The odyssey from the Old World monkeys to the great apes and then to the development of our unique forms of social organization is the overall theme of this book. The odyssey begins, as it must, with our biological roots as a primate and with change in social organization initially occurring through Darwinian evolution. The challenge, when coming forward to human societies as we know them, has been to connect our Darwinian beginnings to the current complexity of human social systems in which Darwinian evolution, with its focus on individual traits in the context of a population of interbreeding individuals, has been transformed into a new mode of evolution with change at the level of societal organization. It is the functionality of systems of organization, rather than the functionality of individual traits, that is critical to the evolutionary success of human societies.
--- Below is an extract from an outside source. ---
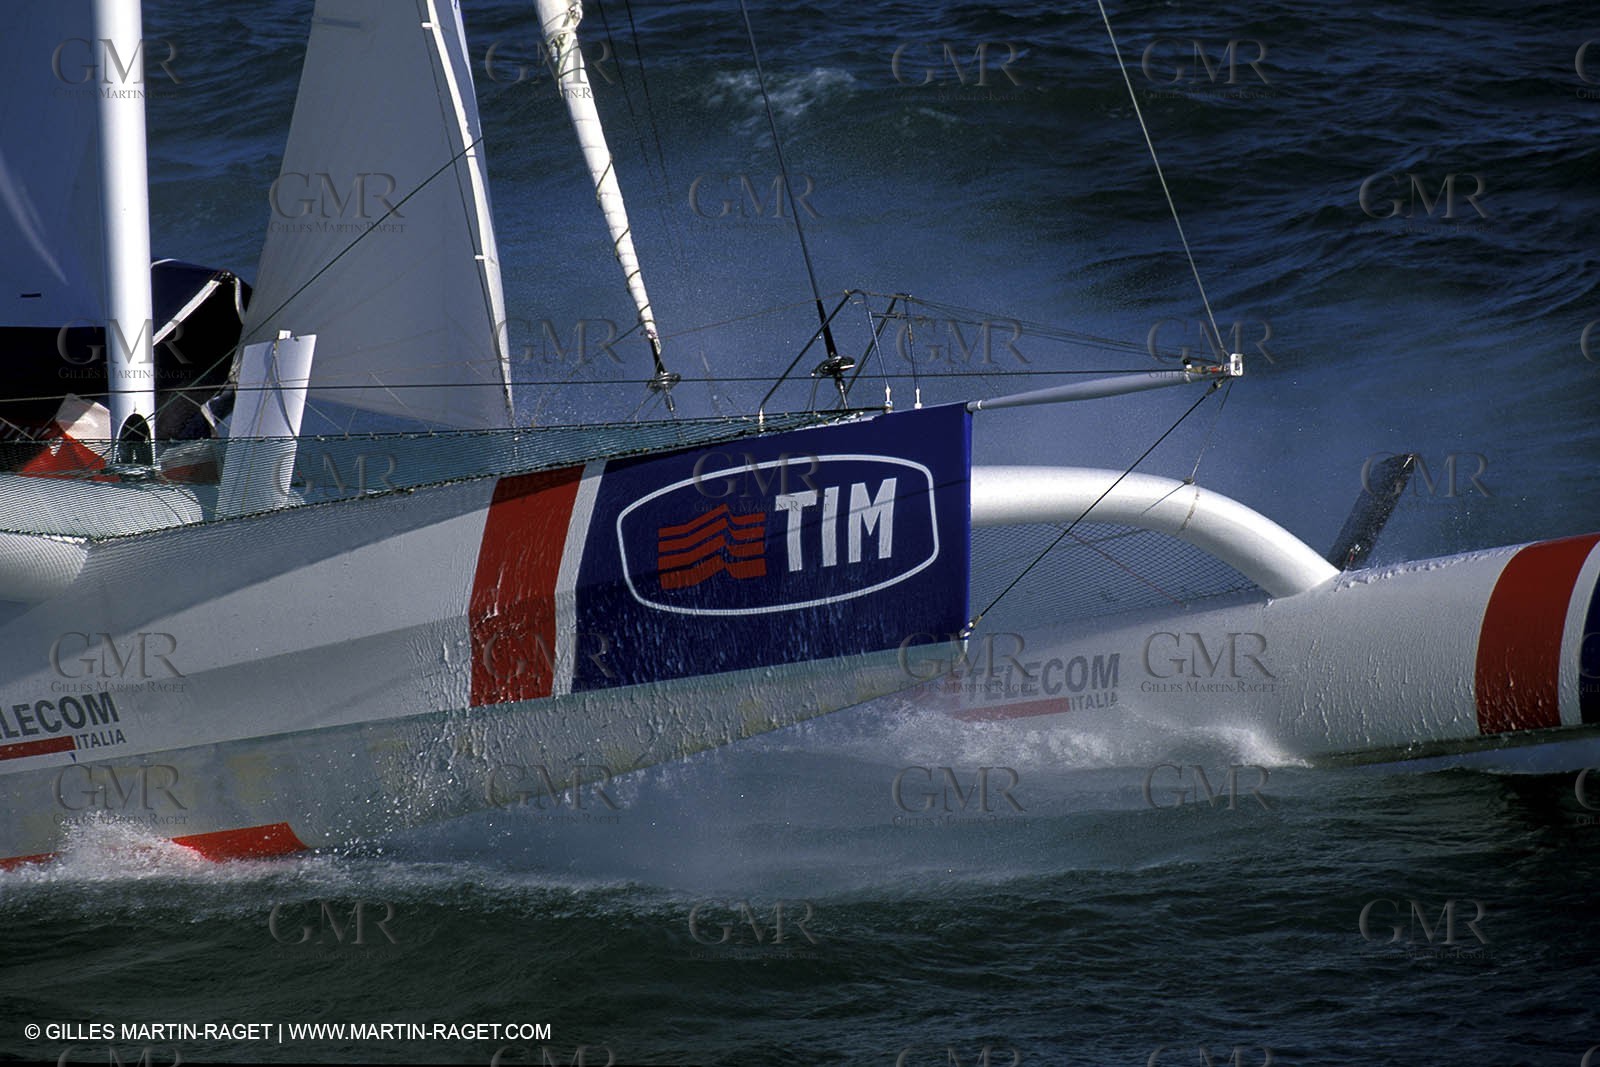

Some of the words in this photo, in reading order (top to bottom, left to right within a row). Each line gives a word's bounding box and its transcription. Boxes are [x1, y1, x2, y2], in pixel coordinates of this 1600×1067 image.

[775, 478, 897, 572] TIM
[0, 691, 119, 739] LECOM
[75, 728, 127, 750] ITALIA
Ancestral hunter-gatherer societies developed cultural means for the expression and continuity over generations of societal practices from whose functionality individuals and families benefit. Through enculturation, individuals take on the properties, structure and features that are part of the cultural milieu that frames the way individuals and groups of individuals interact. More than a century ago, Edward B. Tylor (1924[1871]) referred to culture as “that complex whole,” a characterization that still stands today as a way to identify what is different about human societies in comparison to the societies of other social mammals. It is not an extra-somatic means of information transmission that is crucial to what constitutes culture, but rather that culture refers to conceptual systems such as the kinship systems central to the formation of human societies. The origin of kinship systems as the basis for social organization, hence as a conceptual system of relations, encompasses a transition to new forms of organization subject to change by the individuals embedded within those systems of organization. It is this capacity for self-modification that makes human societies unique.